L'âme humaine est profonde. Profonde. Profonde...

Et Capek l'examine sous toutes ses coutures, dans ce double recueil des histoires criminelles "de poche".

Je retourne régulièrement avec plaisir vers ce livre rempli de la poésie des temps passés, et son atmosphère élégante de la Première République Tchécoslovaque, où les dames portaient des chapeaux "cloche" et des robes "charleston", et les hommes fumaient des "égyptiennes" et mettaient une fleur dans leur boutonnière.



Même si la qualité des histoires n'est pas toujours égale, on y trouve quelques merveilles inoubliables.

Comme cette "Ballade de Youraï Tchoup", à qui le Tout-Puissant à permis de survivre à une tempête de neige dans les Carpates, pour qu'il puisse se rendre à la justice humaine. Vous y sentez comme une odeur de lampes à l'huile, de manteaux en peau de mouton et de l'Ancien Testament.

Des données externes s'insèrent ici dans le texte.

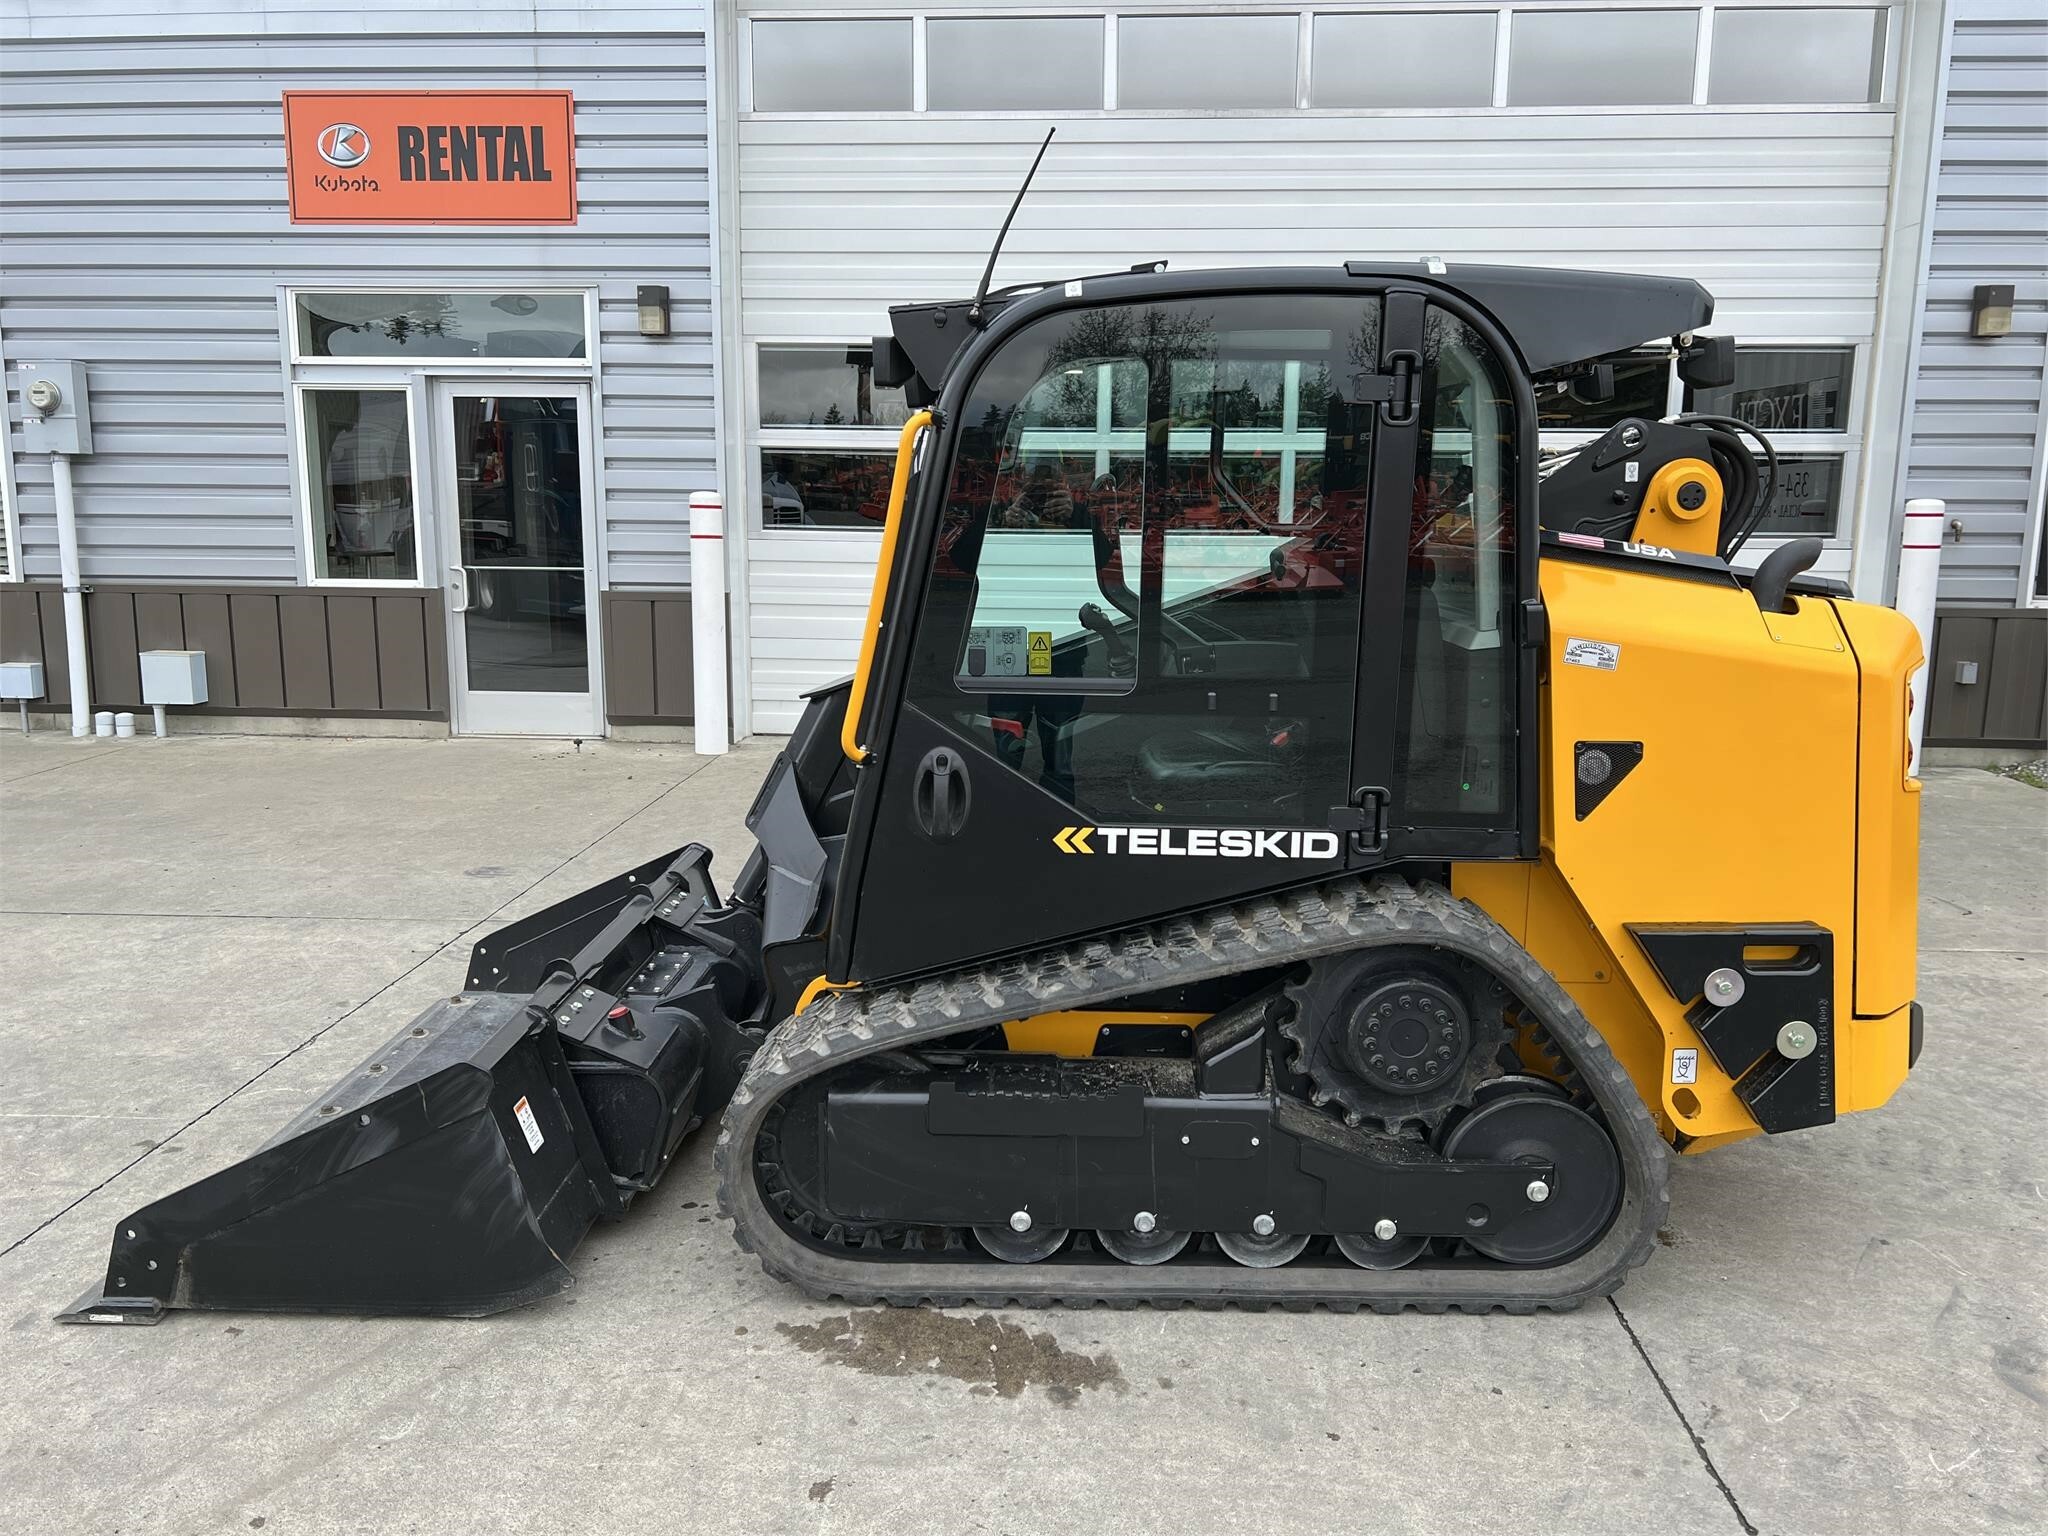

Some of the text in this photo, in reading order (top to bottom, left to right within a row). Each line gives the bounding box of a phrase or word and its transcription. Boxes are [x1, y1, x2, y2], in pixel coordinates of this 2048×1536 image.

[397, 126, 552, 181] RENTAL
[314, 175, 380, 192] Kubota
[1622, 541, 1676, 559] USA
[1097, 827, 1339, 859] TELESKID

Comme ce "Chute de la maison Voticky", où l'on résout une affaire vieille de 500 ans grâce à l'érudition d'un professeur obstiné et le sens de la déduction d'un commissaire dubitatif.

Comme ces histoires d'un voleur de cactus passionné, d'un très rare chrysanthème bleu, ou d'un cambrioleur-poète.

Ou "Les pas dans la neige", qui s'arrêtent inexplicablement au milieu de la route - faut il appeler la police, vu que ça frôle de près la métaphysique ?



Parfois on a une fin ouverte qui interpelle le lecteur; ni vu, ni connu, Capek nous fait réfléchir sur nos faiblesses, notre conscience, sur la justice humaine et la justice "supérieure" avec un détachement pragmatique et intelligent.

Ces histoires se lisent toutes seules. Et, étrangement, même si ça parle de crimes et meurtres, elles font chaud au cœur.

C'est la première fois que j'ai pu lire ce recueil en français, et je trouve que la traduction est plutôt bonne; ce n'est pas aisé de traduire les phrases de Capek, pourtant simples, mais où chaque mot est tellement à sa place. Y compris les expressions populaires un peu désuètes.



Il y a aussi de la nostalgie, là-dedans...

Où sont ces temps où l'on pouvait dire tout simplement : " Un crime, Monsieur, c'est soit une affaire de jalousie, soit une affaire d'argent."...?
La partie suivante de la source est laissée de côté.